"If you had told me a decade ago that I would be tackling terrorism," writes Tony Blair, "I would have readily understood, but thought you meant Irish Republican terrorism." Good point. Troubling for voters, though. It's rather hard to predict what foreign policy challenges will arise over long stretches of time. From climate change to Iraq to terrorism to genocide in Eastern Europe to the collapse of the Soviet Union and attendant power vacuum in their satellites, it's a fairly surprising world out there, and we don't get to switch leaders every time there's a new shock. Domestic policy is a bit more static a landscape. The problems that arise -- economic downturns, health care inflation, environmental degradation -- are, if not predictable, then somewhat routine, and a candidates general response to such eruptions can be known well in advance.

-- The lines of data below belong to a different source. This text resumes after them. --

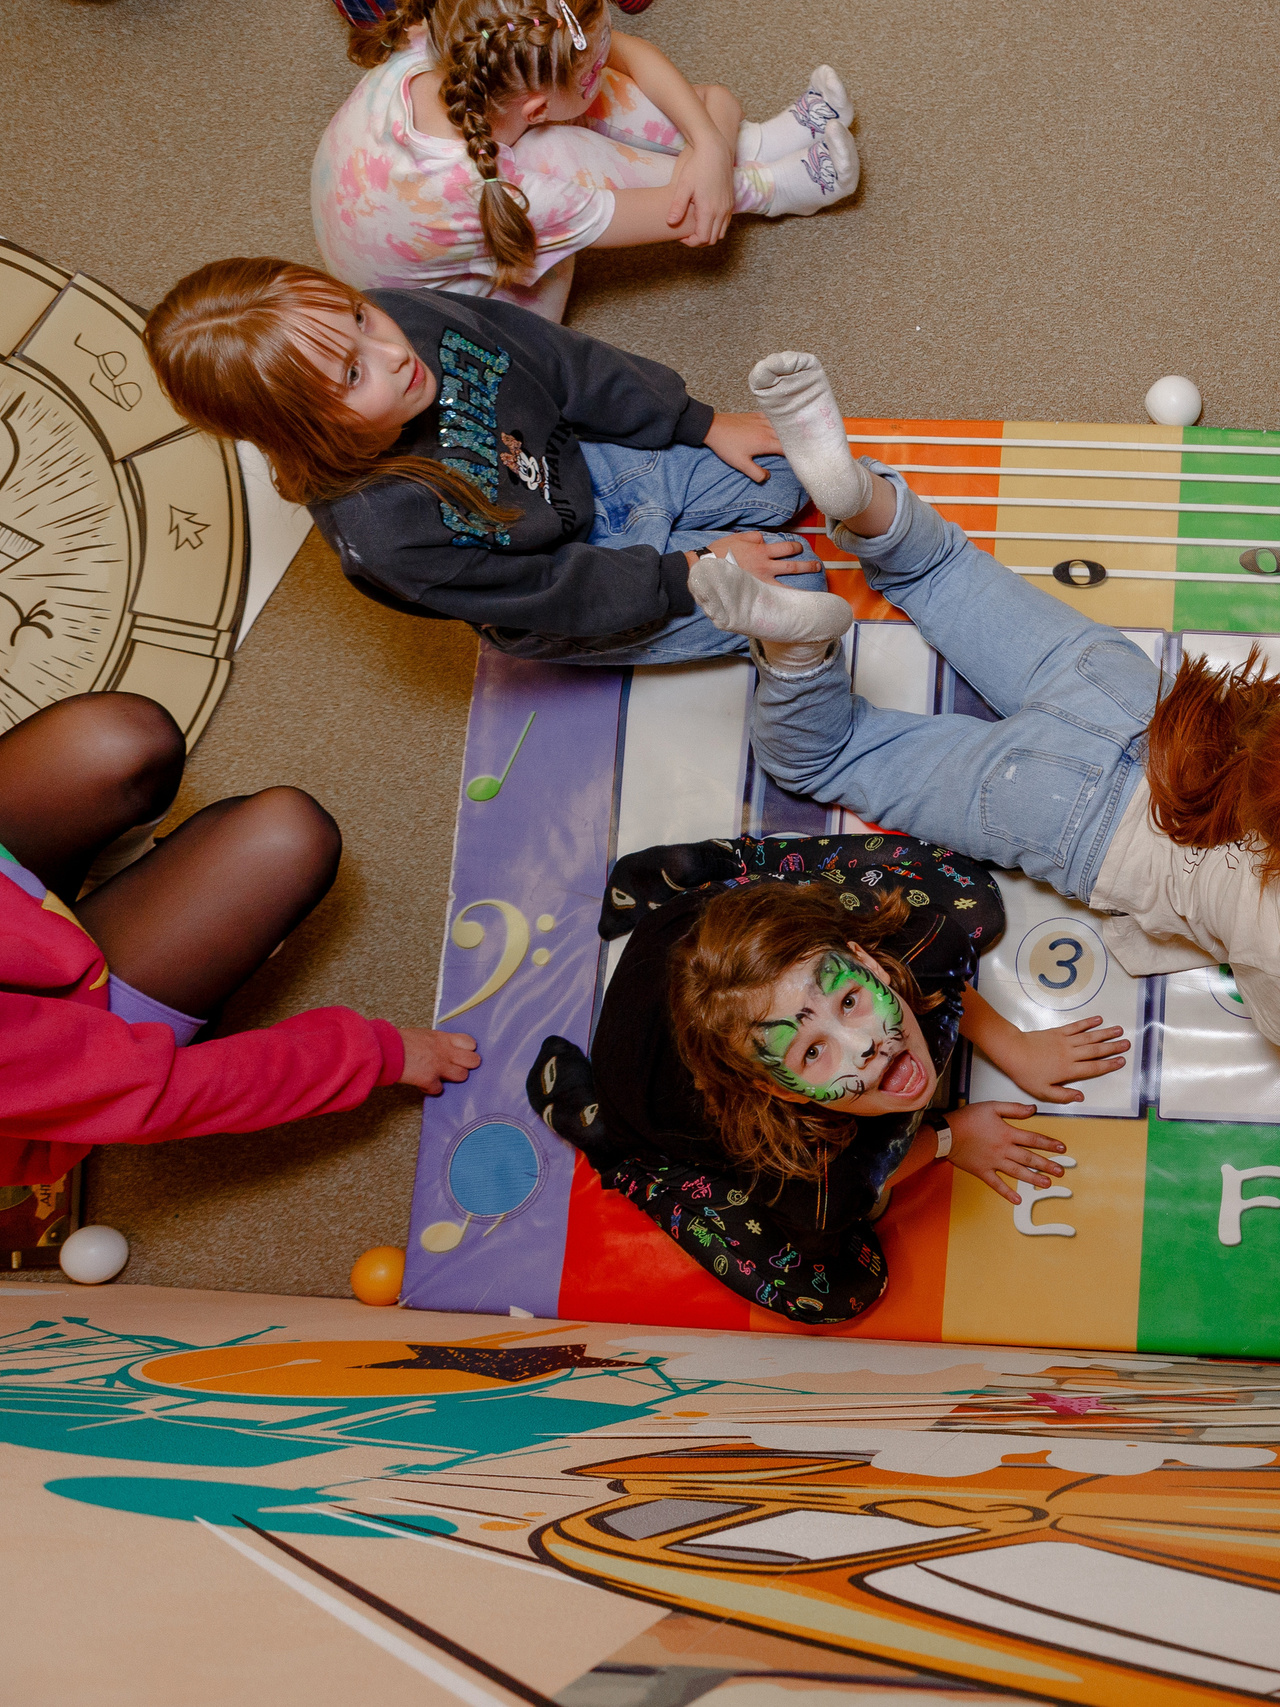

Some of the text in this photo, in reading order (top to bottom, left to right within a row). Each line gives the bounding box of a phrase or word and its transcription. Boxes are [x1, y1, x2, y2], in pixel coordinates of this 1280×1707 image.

[1038, 938, 1083, 988] 3
[1013, 1155, 1077, 1237] E
[775, 1250, 798, 1268] SUMMER
[857, 1243, 872, 1268] FUN
[869, 1251, 882, 1277] FUN

Conversely,there's really no way of knowing how any of the candidates will respond to foreign provocations and crises we currently can't imagine. In this, Iraq has been something of a distraction, helping to paper over disagreements on a fundamental approach to foreign policy by letting everyone largely agree on the next steps in the primary topic in foreign policy. The response of our putative leaders, however, if some oil-producing African nation collapses into chaos, tossing world economies into flux but proving resistant to any remedy save an uncertain intervention, or if CHina and Taiwan face off, is anybody's guess.
On that note, Barack Obama and Mitt Romney both have articles laying out their foreign policy visions in this month's Foreign Affairs. Seek, and ye shall maybe find.